By: Jason R. Baron

Ralph has given me the honor of filling in for him this week with my report from two fascinating ESI-related forums I had the pleasure to be a part of while in London during the last week of June. As a charter member of the Ralph Losey e-discovery team fan club, let me say right off the bat that I am delighted to be a guest blogger here; it is certainly my hope that in agreeing to fill in that I have provided Ralph with a much needed July 4 break from his self-imposed, Atlas-like workload, in voluntarily turning out, week in and week out, a year-round e-discovery blog of such unsurpassed quality!


On June 25, 2008, the Second International Workshop on Supporting Search and Sensemaking for Electronically Stored Information In Discovery Proceedings (affectionately referred to here as DESI II) was held at University College London, hosted by UCL Interaction Centre, a leading center for research into human-computer interaction. As described on the DESI II workshop main page, the workshop grew out of the first DESI Workshop at the ICAIL 2007 conference last June in Palo Alto, where participants from five continents and from multiple research disciplines for the first time gathered together to discuss challenges presented by e-discovery, with a focus on dealing with large collections of electronically stored information (ESI) during litigation and regulatory investigations.

This year, the aim of the second DESI workshop was to bring together legal practitioners, service providers and researchers to develop the research agenda further, to elaborate a European perspective on these issues, and to consider how developments in areas such as information retrieval, artificial intelligence, and human computer interaction might be brought to bear on key problems faced in a variety of legal settings in the U.S. and around the globe.

I am so ever grateful to Dr. Simon Attfield, Senior Research Fellow at UCL, for agreeing to take on all of the administrative heavy lifting duties for running this year’s workshop, and to Dr. Ann Blandford, Professor of Human-Computer Interaction and Director of the UCL Interaction Centre, for her role in facilitating the hosting of the workshop at UCL. My thanks as well to my colleague Dr. Douglas W. Oard, Associate Dean of Research at the University of Maryland’s College of Information Studies (and one of the co-founders of the TREC Legal Track), and to Stephen Mason, a London barrister and Associate Senior Research Fellow at the Institute of Advanced Legal Studies, whose original invitation to have me speak at his International Conference on Digital Evidence (see below) inspired me to propose holding a second workshop in the first place!

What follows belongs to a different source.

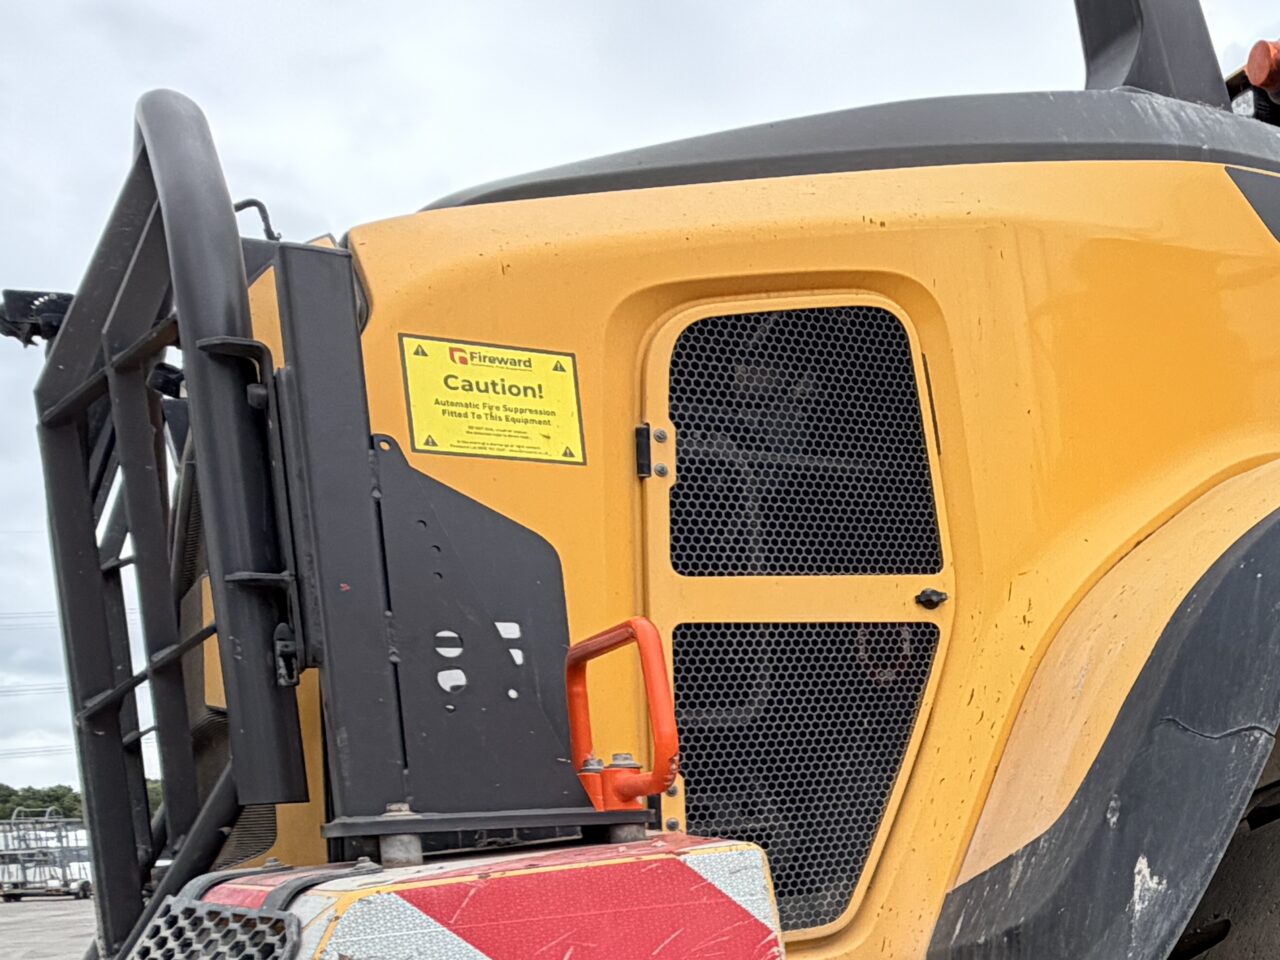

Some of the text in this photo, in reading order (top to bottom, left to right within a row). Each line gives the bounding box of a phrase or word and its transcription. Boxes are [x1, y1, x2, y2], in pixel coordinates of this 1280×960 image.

The format of the past two DESI workshops has been truly unique: bring together 40 to 50 expert individuals from a cross-spectrum of disciplines, ranging from information retrieval, artificial intelligence, computer science, linguistics, legal technology, and psychology, and have them interact in a classroom setting for an entire day to discuss the subject of how to go about improving search and information retrieval as practiced in legal settings, including e-discovery. (Imagine inviting Picasso, Freud, and Einstein to a dinner party, and stepping back to see what happens.) Thanks to a format heavily inspired by Doug Oard, the workshops have been highly interactive: for each of two or more panel sessions, speakers are routinely limited to 10 or 15 minute presentations of their submitted papers; a “discussant” comments on the papers that have been presented in each of the panel sessions; and a moderator then encourages audience feedback. At lunch, all participants break into small groups (this year consisting of “language processing,” “information retrieval,” sensemaking, vendors, and barristers), with group leaders assigned in advance to foster discussion and report back at the end of the day what the consensus views of the group turned out to be.

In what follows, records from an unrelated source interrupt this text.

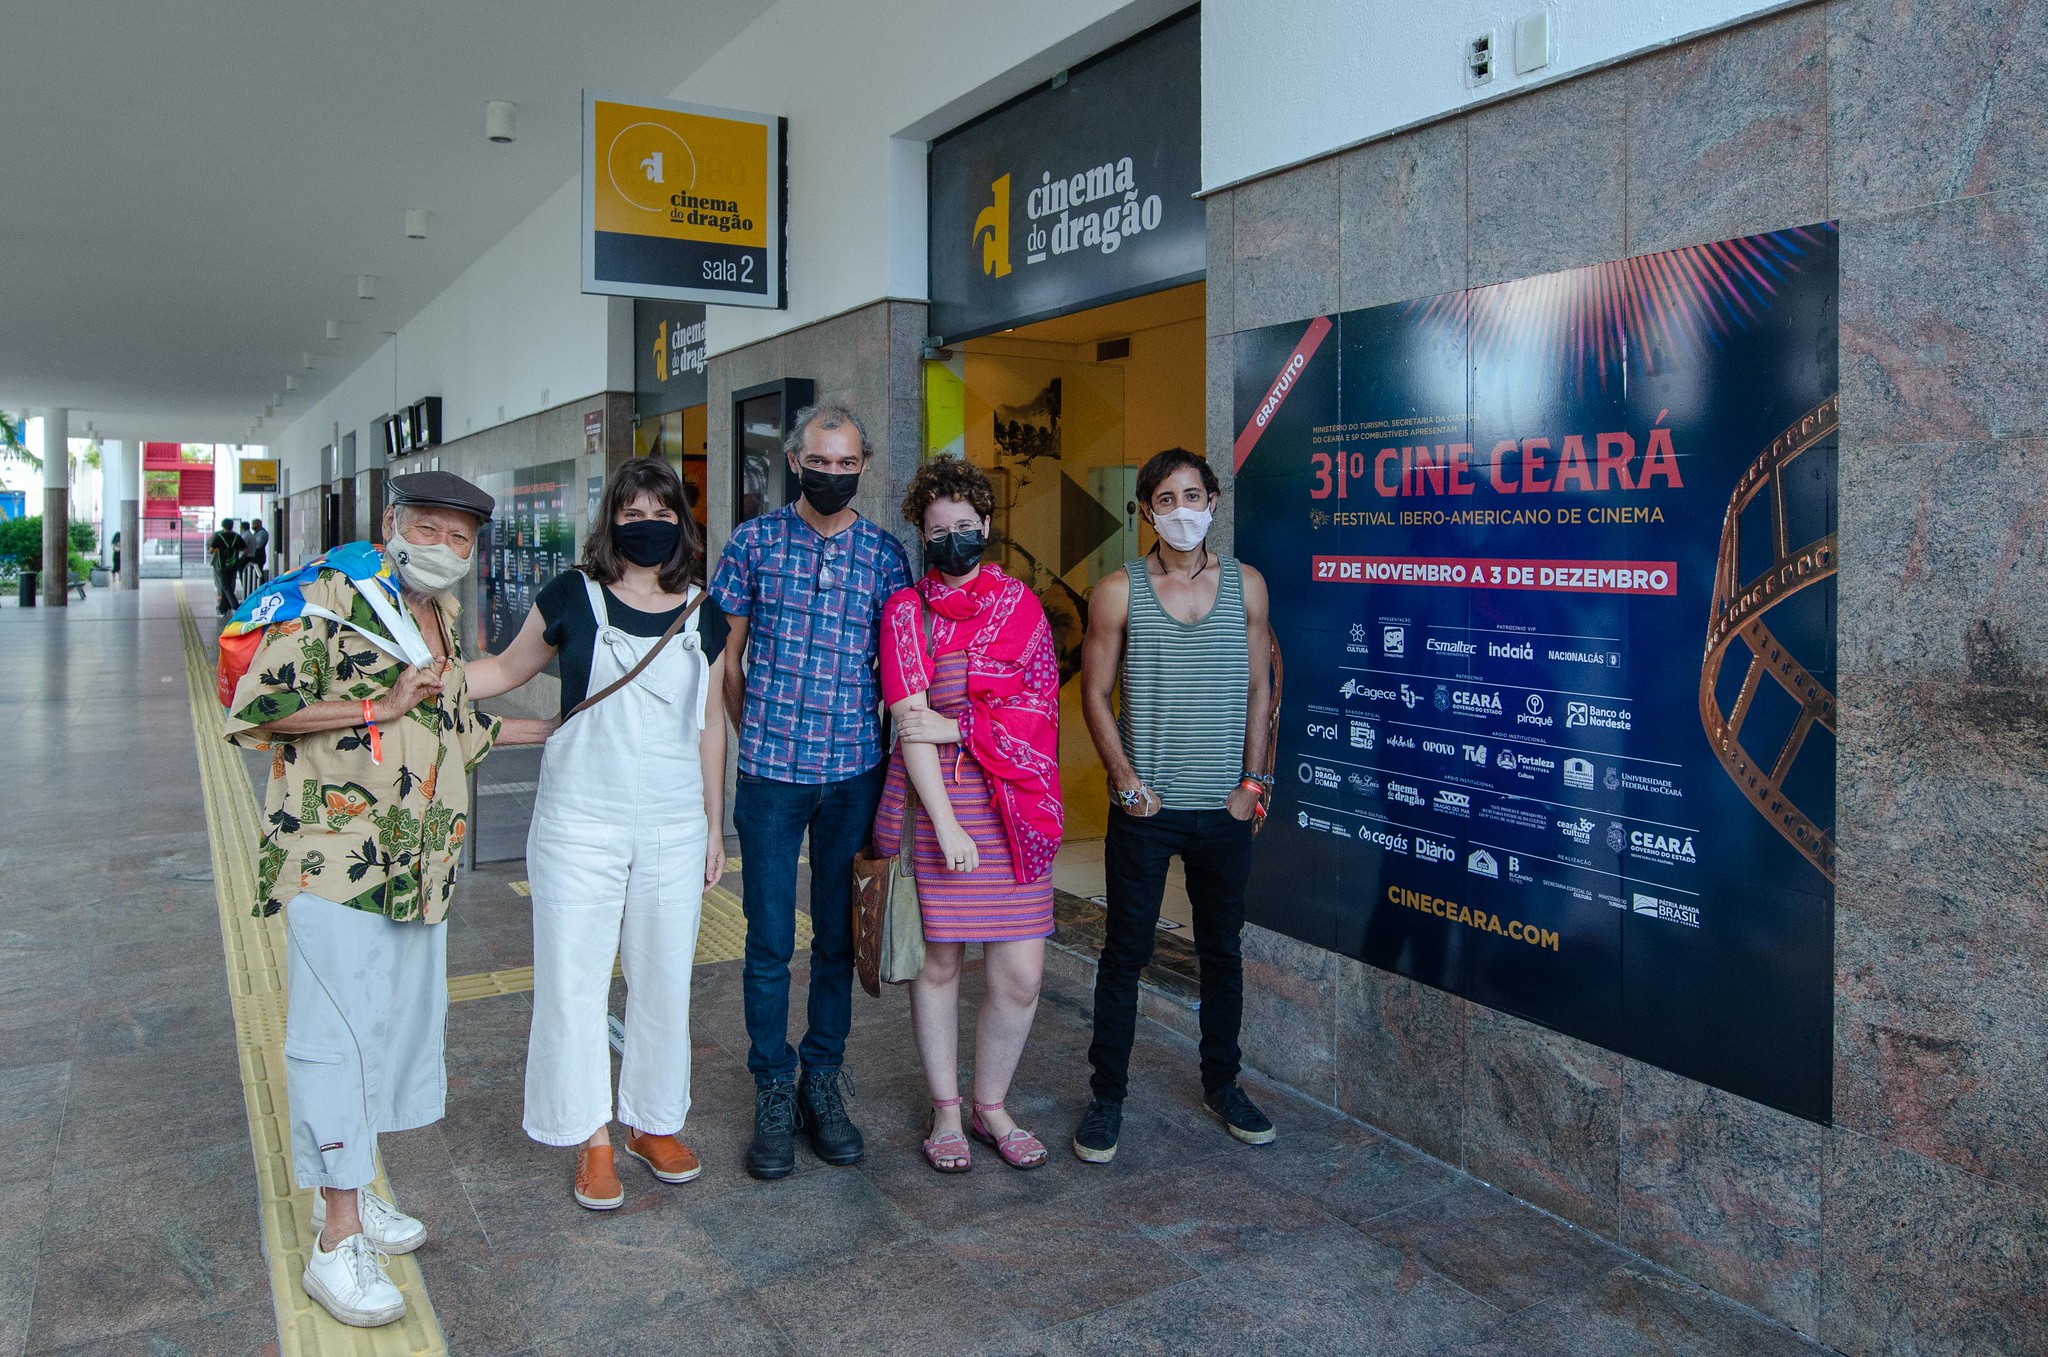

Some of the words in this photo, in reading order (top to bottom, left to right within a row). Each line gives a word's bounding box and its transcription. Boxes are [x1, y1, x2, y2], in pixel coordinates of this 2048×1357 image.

[1027, 157, 1135, 220] cinema
[670, 190, 738, 214] cinema
[670, 208, 684, 219] do
[687, 210, 753, 232] dragão
[1027, 224, 1047, 252] do
[1050, 188, 1162, 255] dragão
[702, 260, 737, 282] sala
[741, 255, 754, 284] 2
[1256, 353, 1304, 427] GRATUITO
[1313, 424, 1347, 434] MINISTÉRIO
[1360, 420, 1390, 430] TURISMO,
[1391, 417, 1434, 427] SECRETARIA
[1436, 416, 1446, 424] DA
[1313, 436, 1322, 444] DO
[1323, 433, 1346, 442] CEARÁ
[1346, 433, 1350, 441] E
[1351, 432, 1359, 441] SP
[1360, 430, 1409, 440] COMBUSTÍVEIS
[1410, 425, 1458, 436] APRESENTAM
[1374, 443, 1475, 497] CINE
[1490, 408, 1684, 494] CEARÁ
[1333, 511, 1395, 526] FESTIVAL
[1399, 509, 1551, 526] IBERO-AMERICANO
[1557, 508, 1581, 524] DE
[1587, 506, 1665, 524] CINEMA
[1318, 562, 1336, 578] 27
[1340, 562, 1361, 579] DE
[1366, 563, 1466, 583] NOVEMBRO
[1471, 566, 1485, 583] A
[1490, 567, 1502, 585] 3
[1507, 567, 1534, 585] DE
[1540, 568, 1668, 590] DEZEMBRO
[1347, 646, 1369, 654] CULTURA
[1427, 638, 1477, 654] Esmaltec
[1549, 650, 1604, 664] NACIONALGÁS
[1356, 685, 1397, 700] Cagece
[1453, 691, 1502, 709] CEARÁ
[1517, 713, 1553, 727] piraquê
[1590, 705, 1616, 718] Banco
[1619, 709, 1631, 720] do
[1351, 720, 1370, 728] CANAL
[1590, 716, 1631, 730] Nordeste
[1307, 723, 1338, 740] enel
[1508, 734, 1546, 743] INSTITUCIONAL
[1518, 754, 1554, 768] Fortaleza
[1523, 765, 1549, 773] PREFEITURA
[1315, 771, 1341, 782] DRAGÃO
[1518, 772, 1534, 780] Cultura
[1388, 781, 1418, 795] cinema
[1622, 781, 1649, 792] FEDERAL
[1388, 790, 1394, 798] do
[1395, 791, 1425, 806] dragão
[1433, 803, 1450, 811] DRAGÃO
[1368, 811, 1388, 820] CULTURAL
[1557, 821, 1577, 831] ceará
[1372, 832, 1408, 850] cegás
[1563, 829, 1590, 840] cultura
[1416, 837, 1455, 862] Diário
[1631, 831, 1696, 857] CEARÁ
[1558, 854, 1591, 866] REALIZAÇÃO
[1631, 845, 1660, 856] GOVERNO
[1671, 854, 1696, 863] ESTADO
[1509, 856, 1519, 872] B
[1543, 880, 1566, 890] SECRETARIA
[1659, 899, 1678, 909] PÁTRIA
[1679, 904, 1700, 914] AMADA
[1659, 905, 1700, 924] BRASIL
[1388, 885, 1559, 952] CINECEARA.COM

This year’s workshop featured 10 submitted position papers from academics and legal service providers from the U.S., U.K., and Japan (all available on the DESI II workshop page), plus an opening keynote from Jeane A. Thomas, a partner at Crowell & Moring and head of the firm’s e-discovery group in their Washington, D.C. offices. Jeane, whom I know well through The Sedona Conference®, the Georgetown Advanced E-Discovery Institute, and other forums we have appeared in, graciously accepted an invite to provide an overview of the problems lawyers face in the area of conducting searches. Jeane started off her keynote using almost the same words as I used when I introduced myself to Doug Oard a few years ago, namely: I’m a lawyer, I’m not an expert in technology, and I have problems. Jeane proceeded to summarize the ESI challenge facing lawyers in the U.S. and arguably around the world, namely: an increasing volume and complexity of potential relevant documents and evidence that need to be accounted for; the need for better tools through future advances in technology to adequately carry out the search function; and the fact that technology by itself is not the answer – that lawyers themselves need to think more strategically about how to conduct reasonable discovery. Jeane went on to emphasize the increasingly international dimension to her antitrust and complex litigation practice.

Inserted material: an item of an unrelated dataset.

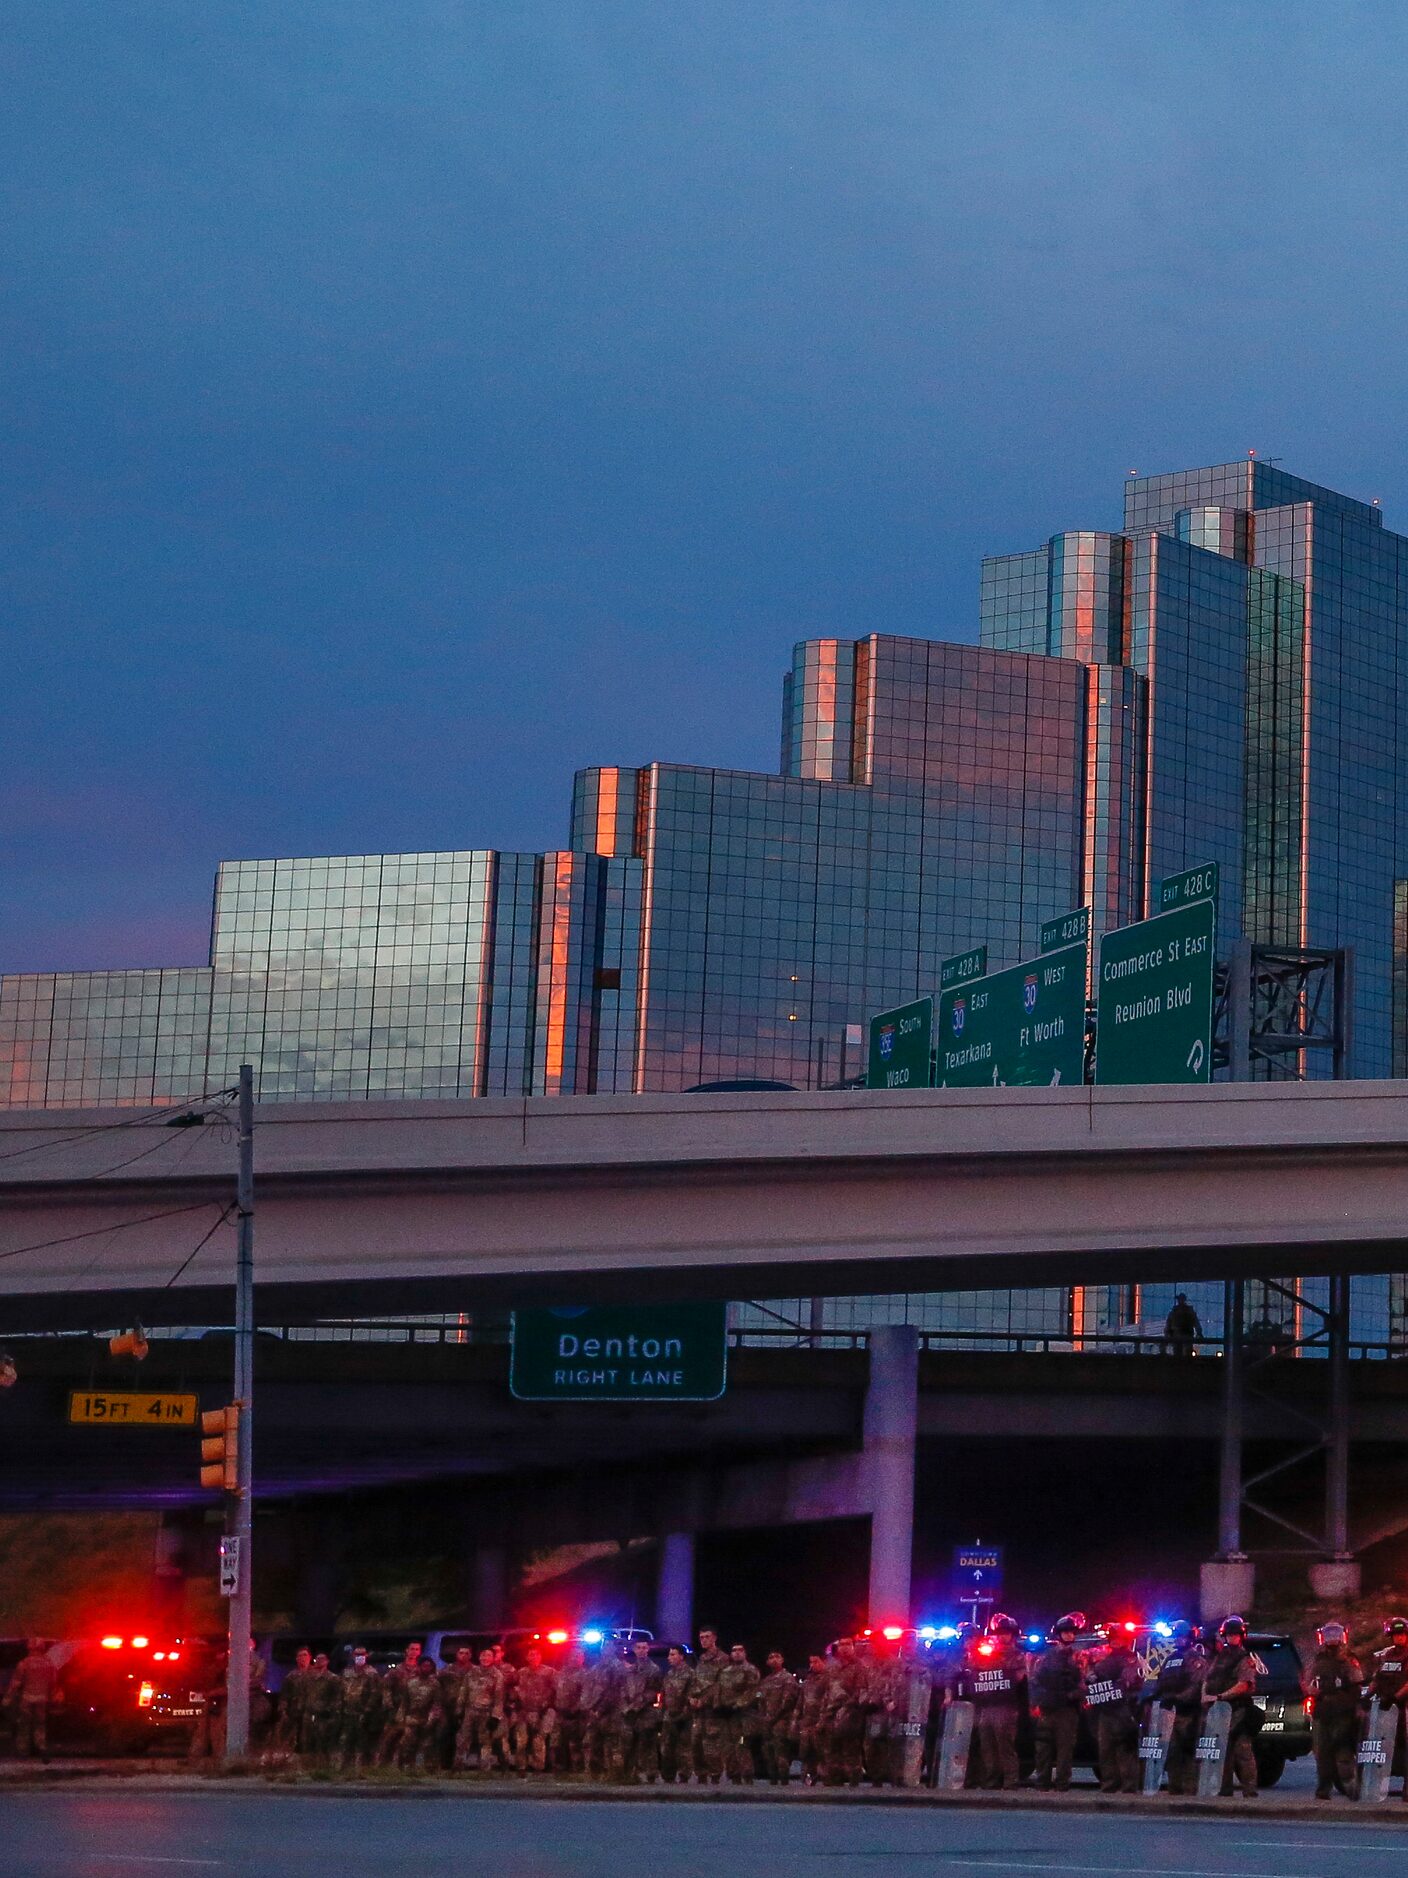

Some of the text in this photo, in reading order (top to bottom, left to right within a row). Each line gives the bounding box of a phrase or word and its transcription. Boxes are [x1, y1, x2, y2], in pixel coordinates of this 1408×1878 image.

Following Jeane, Doug gave an overview of this year’s TREC Legal Track, and I provided some brief remarks updating the audience on the emergence in the past year of U.S. case law recognizing the importance of search and information retrieval in e-discovery, including Judge Facciola’s decisions in Disability Rights Council of Greater Washington v. Washington Metropolitan Transit Authority, 242 F.R.D. 139 (D.D.C. 2007), United States v. O’Keefe, 537 F.Supp.2d 14 (D.D.C. 2008), and Judge Grimm’s recent decision Victor Stanley, Inc. v. Creative Pipe, Inc., 2008 WL 2221841 (D. Md. May 29, 2008). Also, new in the past year has been publication of The Sedona Conference® Best Practices Commentary on the Use of Search and Information Retrieval Methods in E-Discovery, which was cited in both the O’Keefe and Creative Pipe cases as providing guidance to practitioners in strategically thinking about search issues.

Although I could go on at length about many of the very good papers presented about common search issues of interest, I was particularly struck by the remarks of Bob Bauer from H5, as well as by my workshop co-organizer Simon Attfield, on the relevance of “sensemaking” research to e-discovery. Until these DESI workshops, I frankly had been oblivious to the considerable body of academic research that exists on the subject of “sensemaking,” or how that research could be applied in a practical way to the e-discovery process. As Bob Bauer quotes from a recent paper by three Google academics presented in turn at a recent CHI workshop in Florence, “Sensemaking is simple – it’s the way people go about their process of collecting, organizing and creating representations of complex information sets, all centered around some problem they need to understand.”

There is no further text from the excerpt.